Круги за кругами сеткой
Суживаются до маленькой точки.
Не перед этими ли читателями оправдывался некогда Пушкин, заменив «роскошный слог» романтизма простыми описаниями «низкой природы»?[363]
Едва ли такой эффект не был бы приятен Кузмину, который уже в 1921 году охотно примет на себя роль наследника классической простоты Пушкина. Но помимо репутационного нужно учитывать и другой аспект – творческий.
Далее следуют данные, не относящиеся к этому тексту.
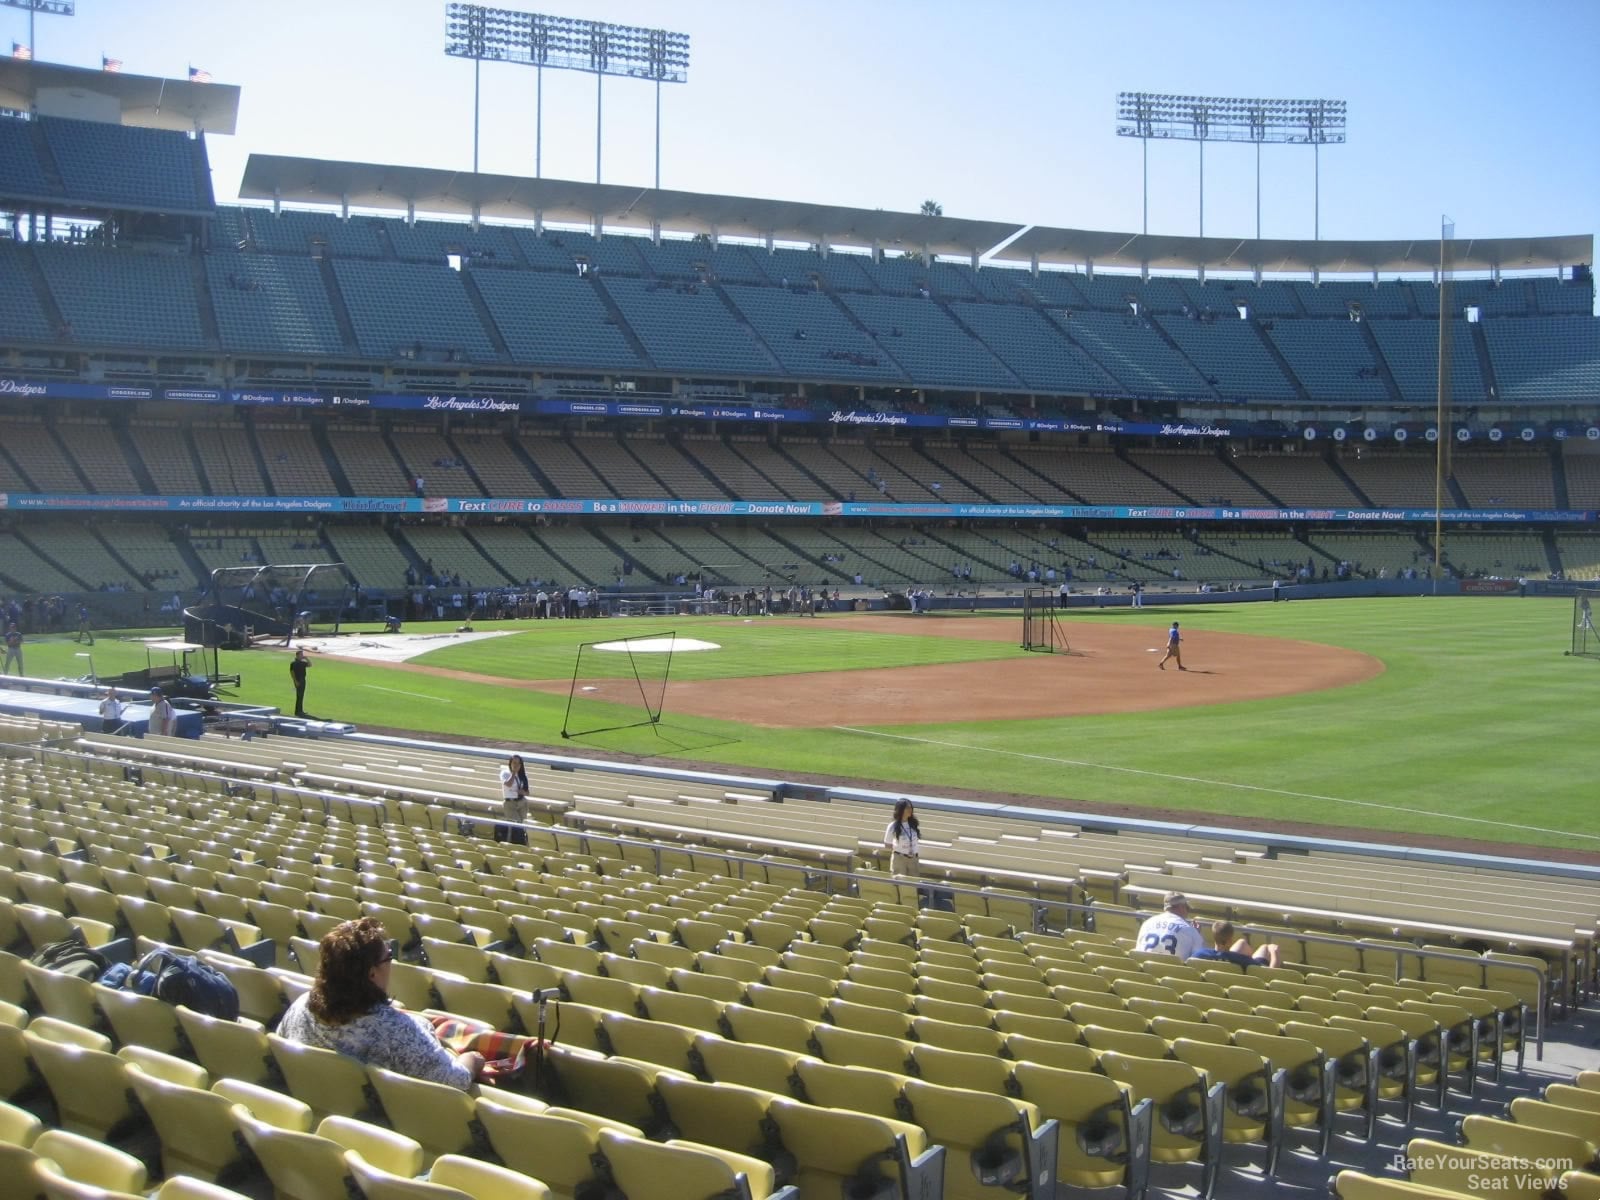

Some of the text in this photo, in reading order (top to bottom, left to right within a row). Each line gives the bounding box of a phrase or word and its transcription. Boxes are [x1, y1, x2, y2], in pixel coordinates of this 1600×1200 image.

Хотя «Вожатый» и «Нездешние вечера» очень похожи по составу и хронологии, стилистически это очень разные сборники. «Вожатый» целиком относится к поэзии Кузмина 1910-х годов с ее религиозным пафосом, вниманием к деталям, музыкальной темой. «Нездешние вечера» – более экспериментальная книга, в которой есть не только тексты, ориентированные на поэтику авангарда (кантата «Святой Георгий»), но и опыты с вольными размерами («Листья, цвет и ветка…»), одновременно отсылающие к «Александрийским песням» Кузмина и обновляющие его поэтику верлибра. «Вожатый» выдержан в едином стиле, тогда как «Нездешние вечера» представляют более пеструю картину кузминской поэтики: гностическая тематика соседствует с экфрасисом («Фузий в блюдечке»), а традиционная для Кузмина апология настоящего момента («Это все про настоящее, дружок…») – с фантазией на мифологическую тему («Святой Георгий»). К 1917 году публика Кузмина едва ли была готова к подобным новациям: для них не было подготовлено достаточной почвы – все-таки Кузмин был известен вовсе не своими футуристическими стихами, что и показал недружелюбный прием его «революционной» лирики.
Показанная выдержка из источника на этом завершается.